The Basilica of S. Cristina is a Romanesque construction of the XI century with a Renaissance facade (1494) and a fourteenth-century mullioned bell tower. In the three-nave interior there are frescoes from the 14th-16th centuries and behind the high altar there is a well restored polyptych by Sano di Pietro.
The left aisle leads to the Cappella del Miracolo (Chapel of the Miracle) (17th century), whose altar contains the blood-stained stones, relics of the Eucharistic Miracle (1263), while the Sacro Corporale, a blood-stained altar cloth, is kept in Orvieto Cathedral. Adjacent to the Chapel of the Miracle is the Grotto of Santa Cristina, part of the Christian catacombs. In the cave there is a large terracotta icon and a statue of dead St. Christine, both works of Benedetto Buglioni.

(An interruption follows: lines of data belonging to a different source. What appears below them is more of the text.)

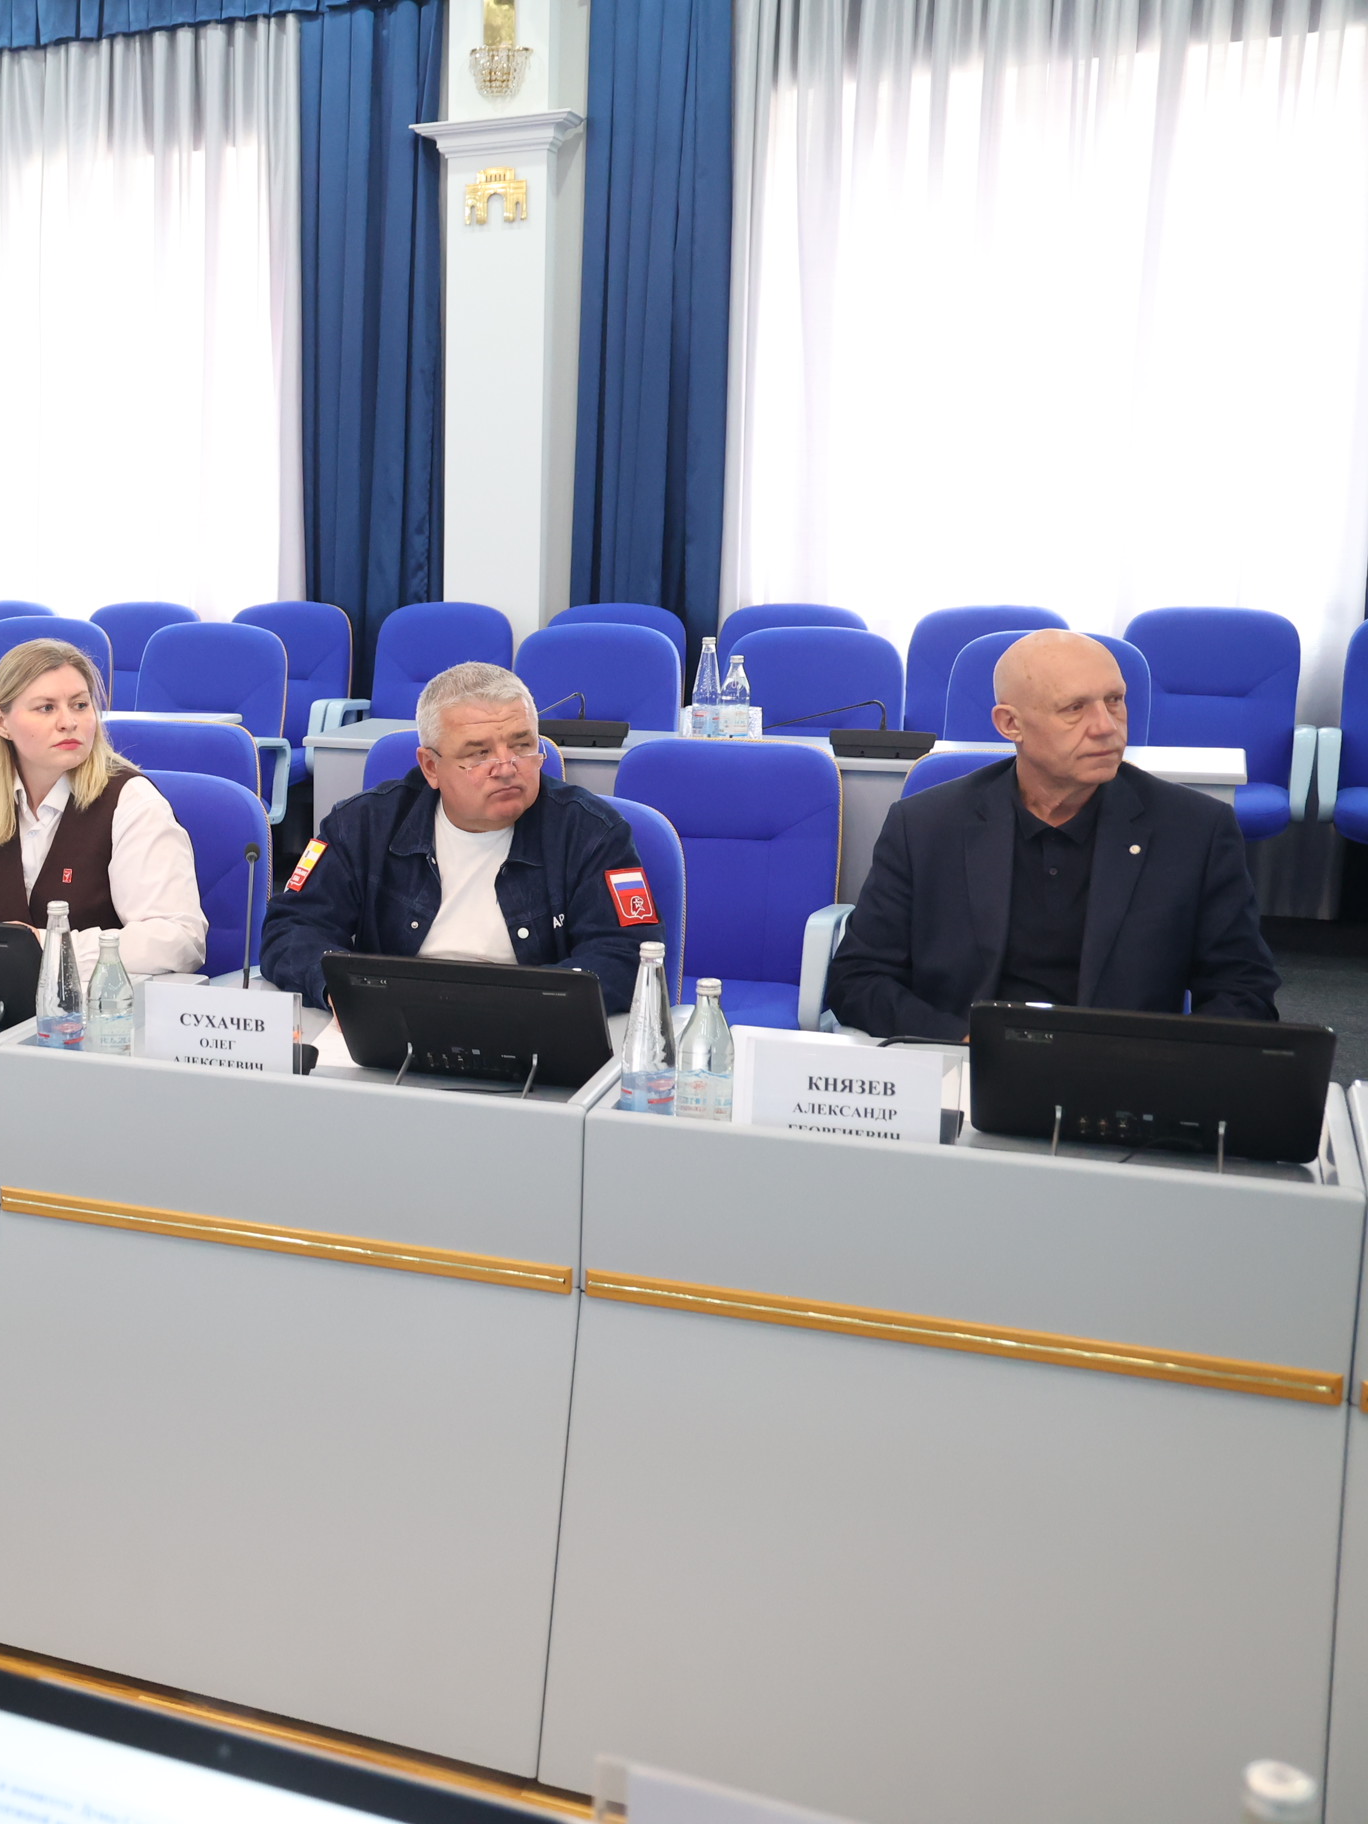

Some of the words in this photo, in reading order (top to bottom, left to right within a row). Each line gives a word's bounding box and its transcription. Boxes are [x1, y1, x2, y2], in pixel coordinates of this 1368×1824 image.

[179, 1012, 265, 1032] СУХАЧЕВ
[199, 1037, 237, 1050] ОЛЕГ
[807, 1075, 896, 1097] КНЯЗЕВ
[792, 1101, 898, 1121] АЛЕКСАНДР
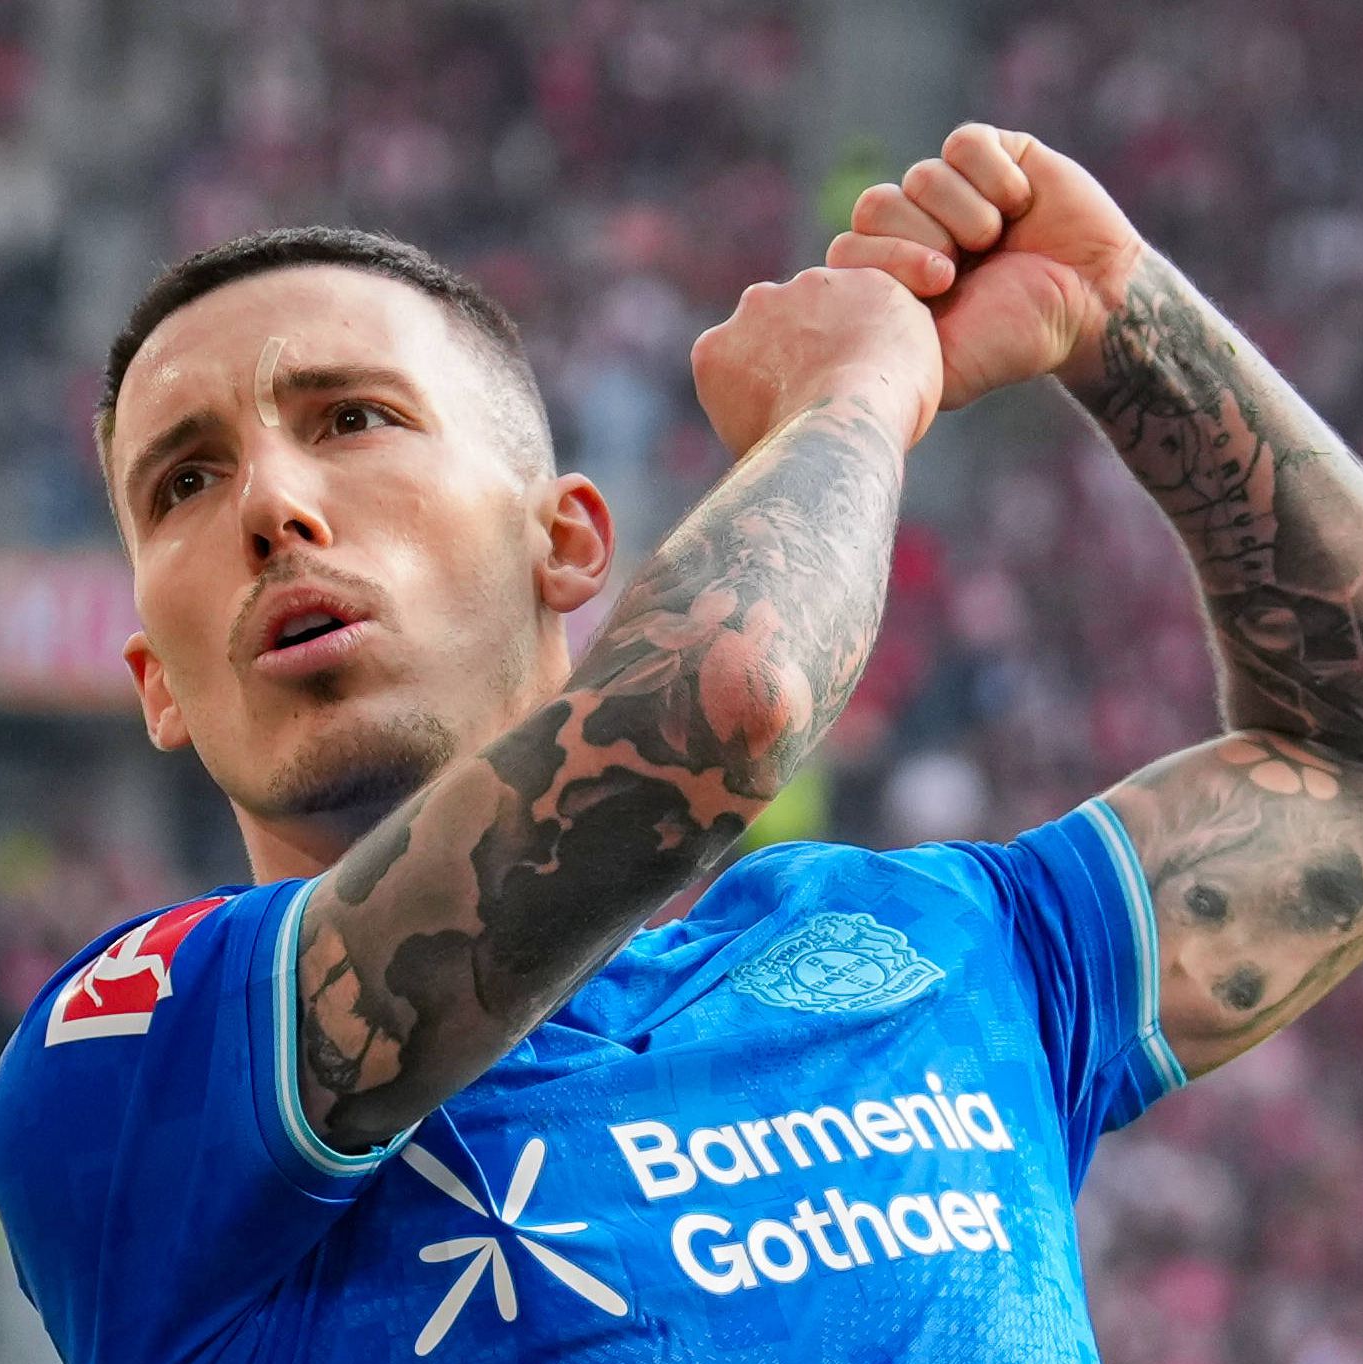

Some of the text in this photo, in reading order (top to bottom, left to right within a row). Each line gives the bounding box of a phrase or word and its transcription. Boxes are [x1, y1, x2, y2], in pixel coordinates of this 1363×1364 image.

It is said that in 292 Cristina, the young daughter of a Roman prefect, fierce persecutor of Christians, converted to the new faith. The monstrous father, enraged and determined to punish the young girl, subjected her to horrible tortures. Among these was the cutting out of her tongue. Then he ordered that she be thrown into the waters of the lake with a rock tied around her neck. However, this miraculously floated instead of going to the bottom, thus saving the girl and showing to all skeptical onlookers her indisputable sanctity, but the atrocity of the tortures suffered did not allow Cristina to survive, and a few days later she ended up dying. The miraculous stone was, however, preserved and soon became the altar that would be the protagonist, ten centuries later, of another extraordinary event. The Collegiate Church of Santa Cristina is in fact known for the Miracle of Corpus Domini, which took place, according to tradition, in 1263, when a certain Pietro da Praga, a Bohemian priest who was on his way to Rome on a pilgrimage, decided to stop in Bolsena and celebrate Mass on Cristina’s altar.
Since he had doubts in his heart about transubstantiation, the divine hand (and perhaps the spirit of the saint) wanted to reject them, and during the ceremony the consecrated host leapt onto the altar and oozed blood, to the great emotion of the faithful present.
The stone of Santa Cristina, stained by the bleeding host, is kept in the baroque Chapel of the Miracle (1693), where you can also admire a painting by Francesco Trevisani, in memory of the sacred event. From the Chapel of the Miracle you can access the Grotto of Santa Cristina, which houses (set in a ciborium of the ninth century) a basalt stone with the imprinted footprints of the Martyr (she would have stepped on it before being pushed into the waters of the lake) and from which departs an extensive and obscure complex of catacombs, dating from the second to fifth centuries AD, where there is the sarcophagus with the remains of the saint.